WORK INSTRUCTION: Transcribe the data exactly, pictures excluded.

(Image-backed grounding data)
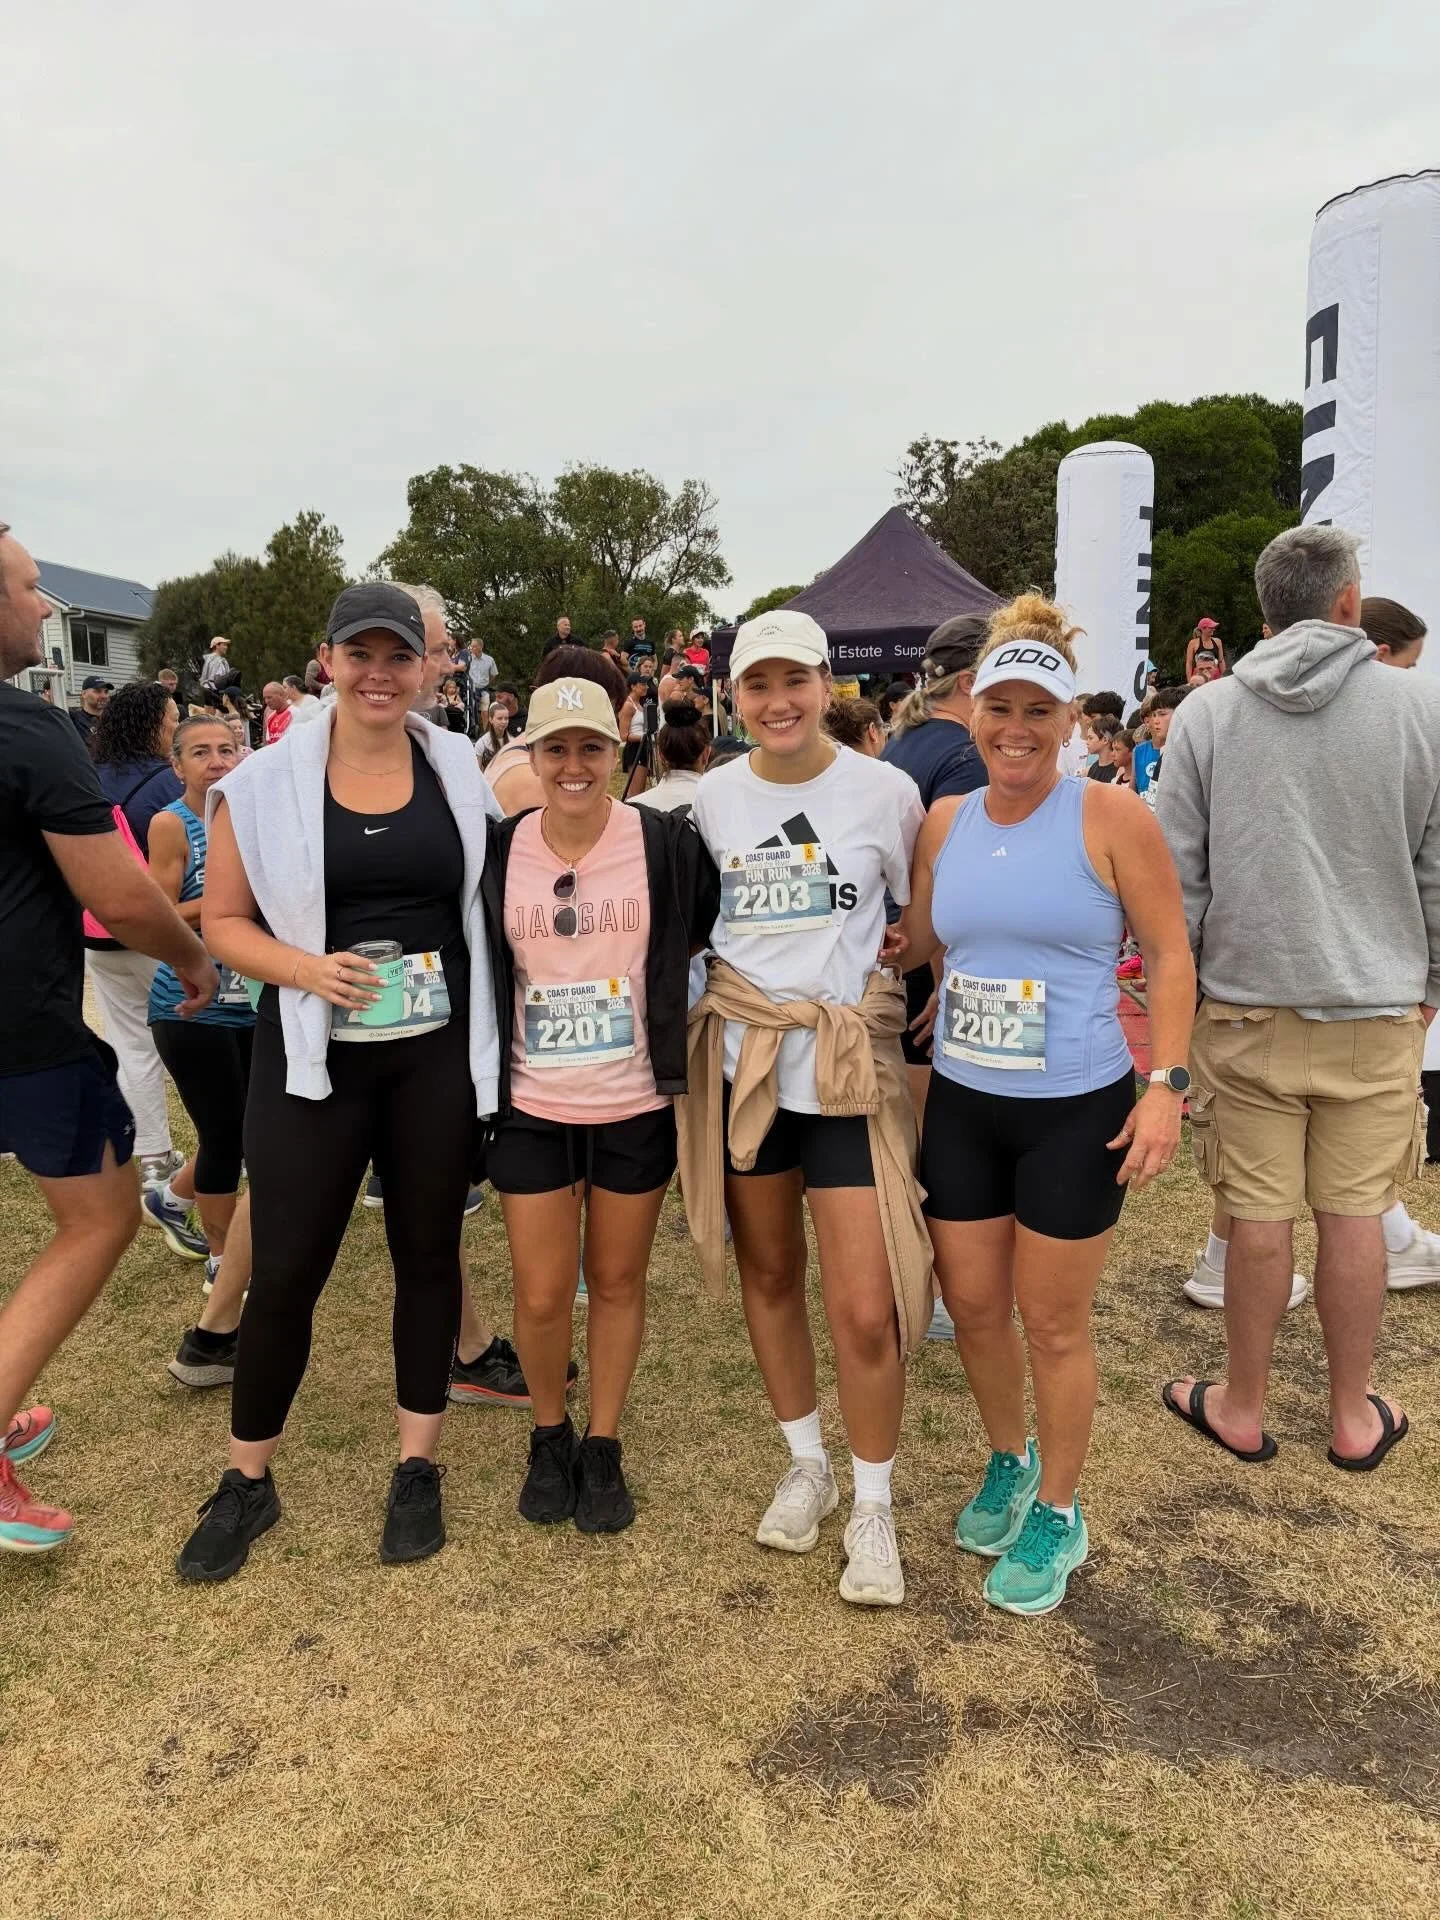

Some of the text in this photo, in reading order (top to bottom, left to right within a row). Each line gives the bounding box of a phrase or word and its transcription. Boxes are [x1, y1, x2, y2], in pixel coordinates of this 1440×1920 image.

[838, 645, 883, 659] Estate
[894, 645, 926, 659] Supp
[745, 850, 791, 863] COAST GUARD
[745, 863, 822, 883] FUN RUN 2026
[733, 880, 812, 916] 2203
[546, 985, 597, 999] COAST GUARD
[962, 979, 980, 991] COAST
[980, 982, 1007, 993] GUARD
[549, 998, 626, 1018] FUN RUN 2026
[962, 996, 1038, 1015] FUN RUN 2026
[536, 1013, 613, 1049] 2201
[952, 1008, 1024, 1050] 2202

WRITTEN SOLUTION:
Some of the text in this photo, in reading order (top to bottom, left to right within a row). Each line gives the bounding box of a phrase or word and its transcription. Boxes are [x1, y1, x2, y2], in pixel coordinates of this 1440×1920 image.

[838, 645, 883, 659] Estate
[894, 645, 926, 659] Supp
[745, 850, 791, 863] COAST GUARD
[745, 863, 822, 883] FUN RUN 2026
[733, 880, 812, 916] 2203
[546, 985, 597, 999] COAST GUARD
[962, 979, 980, 991] COAST
[980, 982, 1007, 993] GUARD
[549, 998, 626, 1018] FUN RUN 2026
[962, 996, 1038, 1015] FUN RUN 2026
[536, 1013, 613, 1049] 2201
[952, 1008, 1024, 1050] 2202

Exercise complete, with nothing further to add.